▶ Working data:
━━━━━━━━━━━━━━━━━━━━━━━━━━━━━━
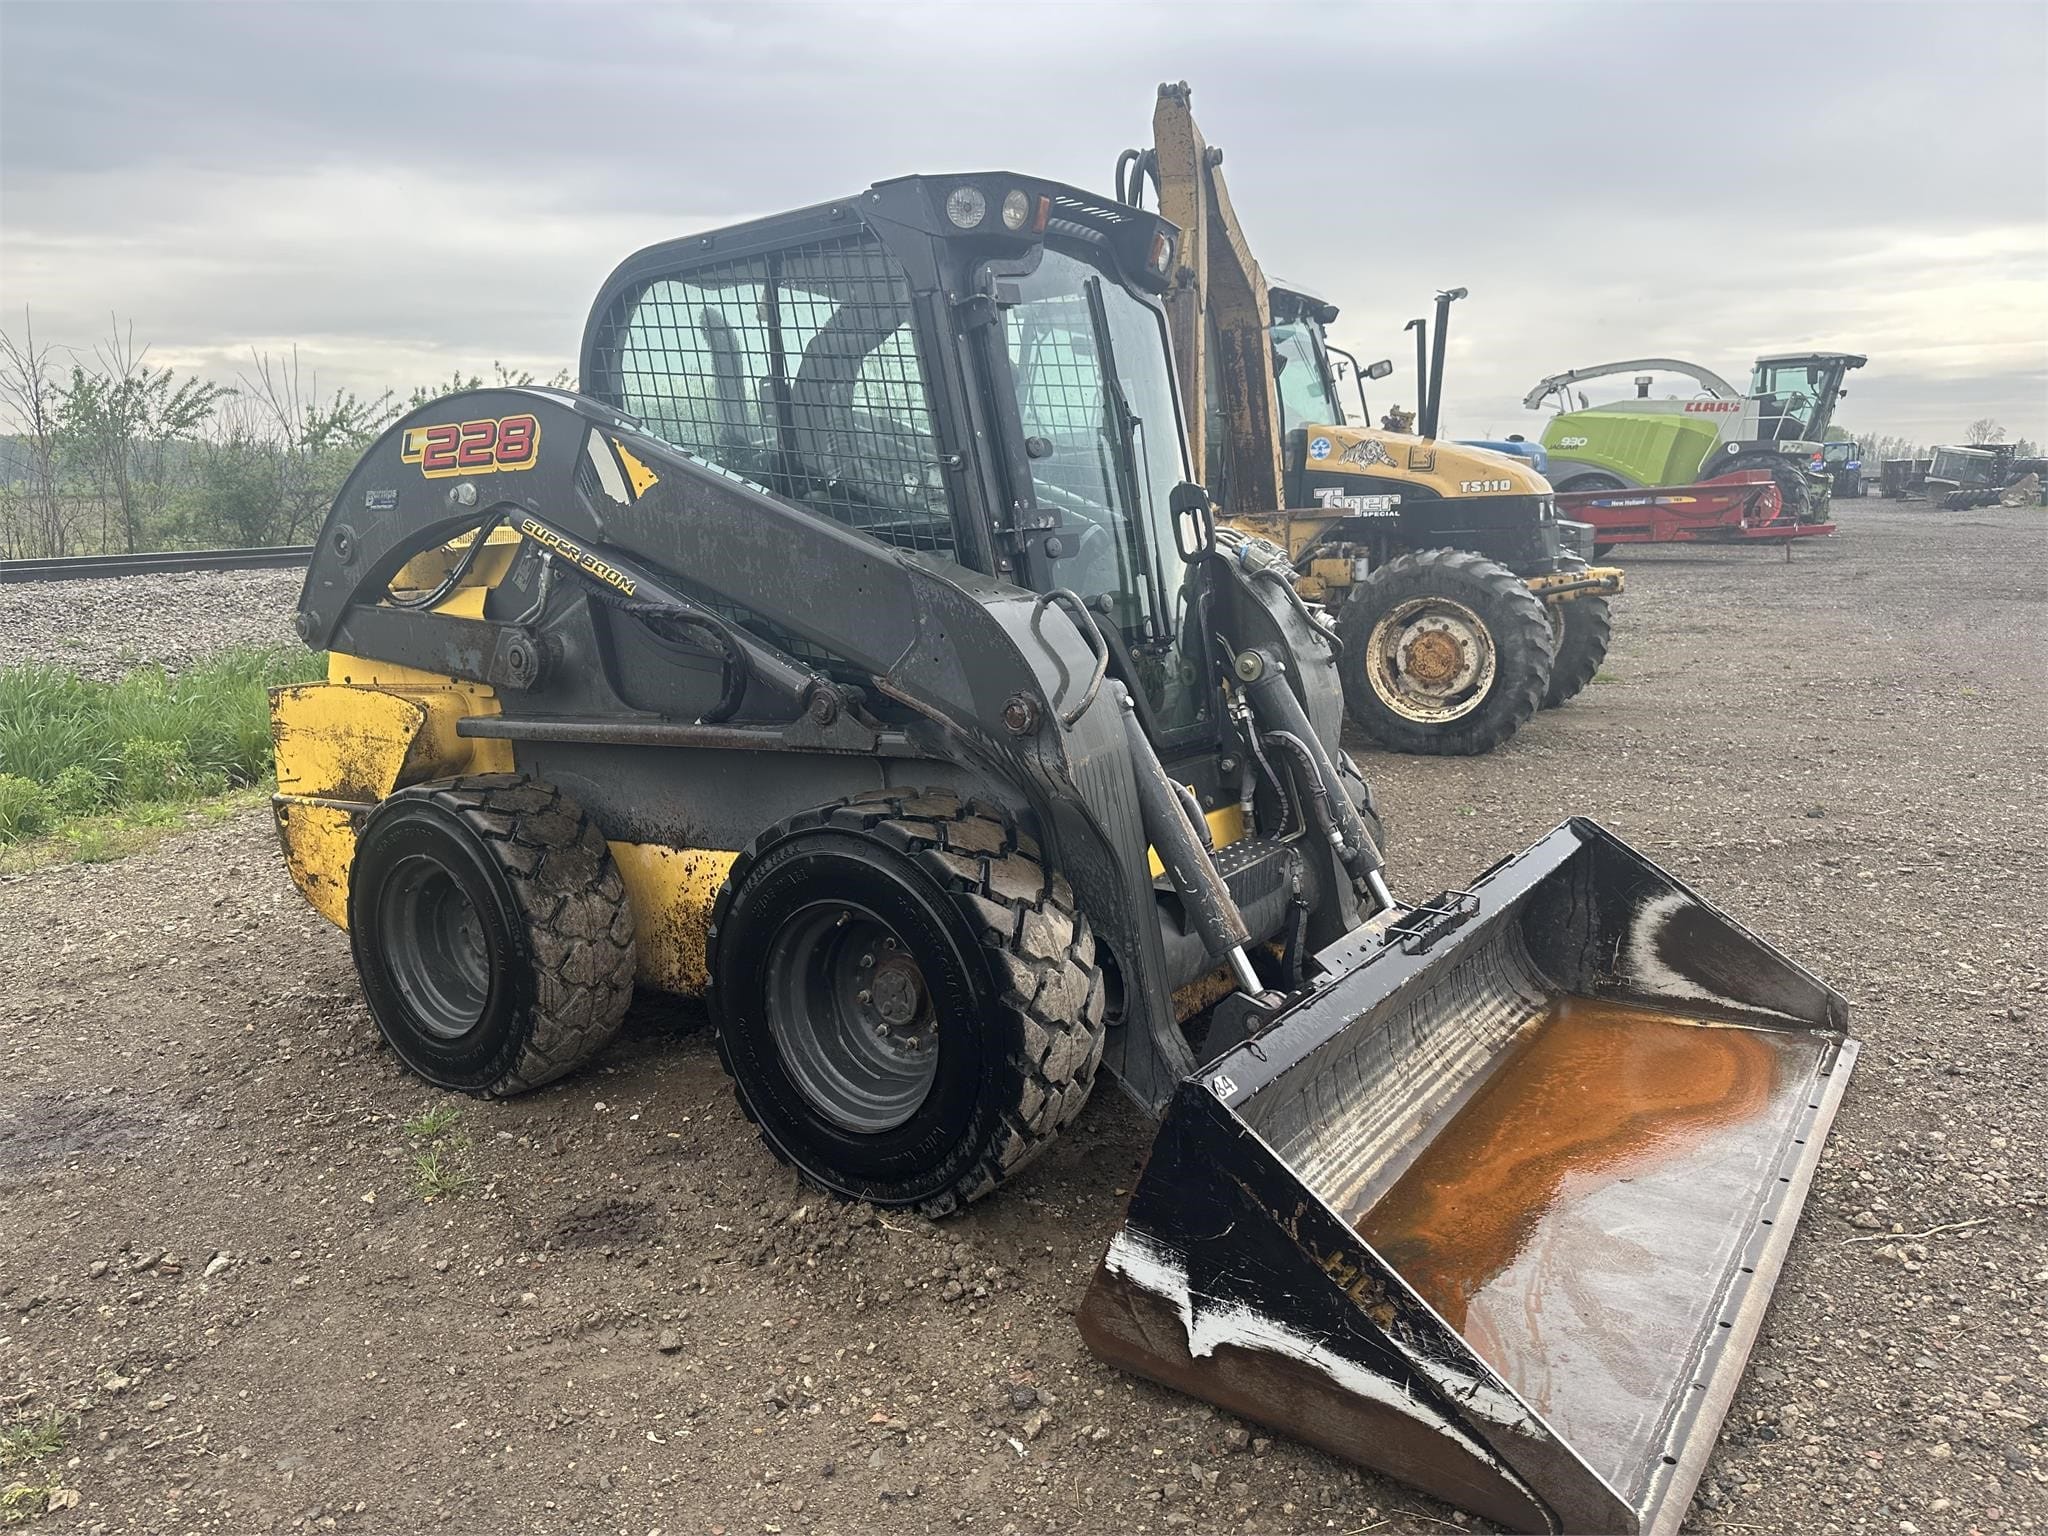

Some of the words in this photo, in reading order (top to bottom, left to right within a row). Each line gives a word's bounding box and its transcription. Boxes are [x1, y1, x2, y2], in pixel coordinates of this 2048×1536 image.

[1684, 402, 1741, 413] CLAAS
[401, 413, 541, 479] L228
[1560, 436, 1588, 447] 930
[1729, 443, 1738, 452] 40
[1460, 480, 1511, 493] TS110
[1313, 487, 1402, 518] Tiger
[1625, 498, 1646, 506] Holland
[521, 519, 581, 563] SUPER
[580, 554, 637, 596] BOOM
━━━━━━━━━━━━━━━━━━━━━━━━━━━━━━
▶ What you will do: Without the pictures, write out the whole listing above exactly as it appears.

▶ Solution:
Some of the words in this photo, in reading order (top to bottom, left to right within a row). Each line gives a word's bounding box and its transcription. Boxes are [x1, y1, x2, y2], in pixel coordinates of this 2048×1536 image.

[1684, 402, 1741, 413] CLAAS
[401, 413, 541, 479] L228
[1560, 436, 1588, 447] 930
[1729, 443, 1738, 452] 40
[1460, 480, 1511, 493] TS110
[1313, 487, 1402, 518] Tiger
[1625, 498, 1646, 506] Holland
[521, 519, 581, 563] SUPER
[580, 554, 637, 596] BOOM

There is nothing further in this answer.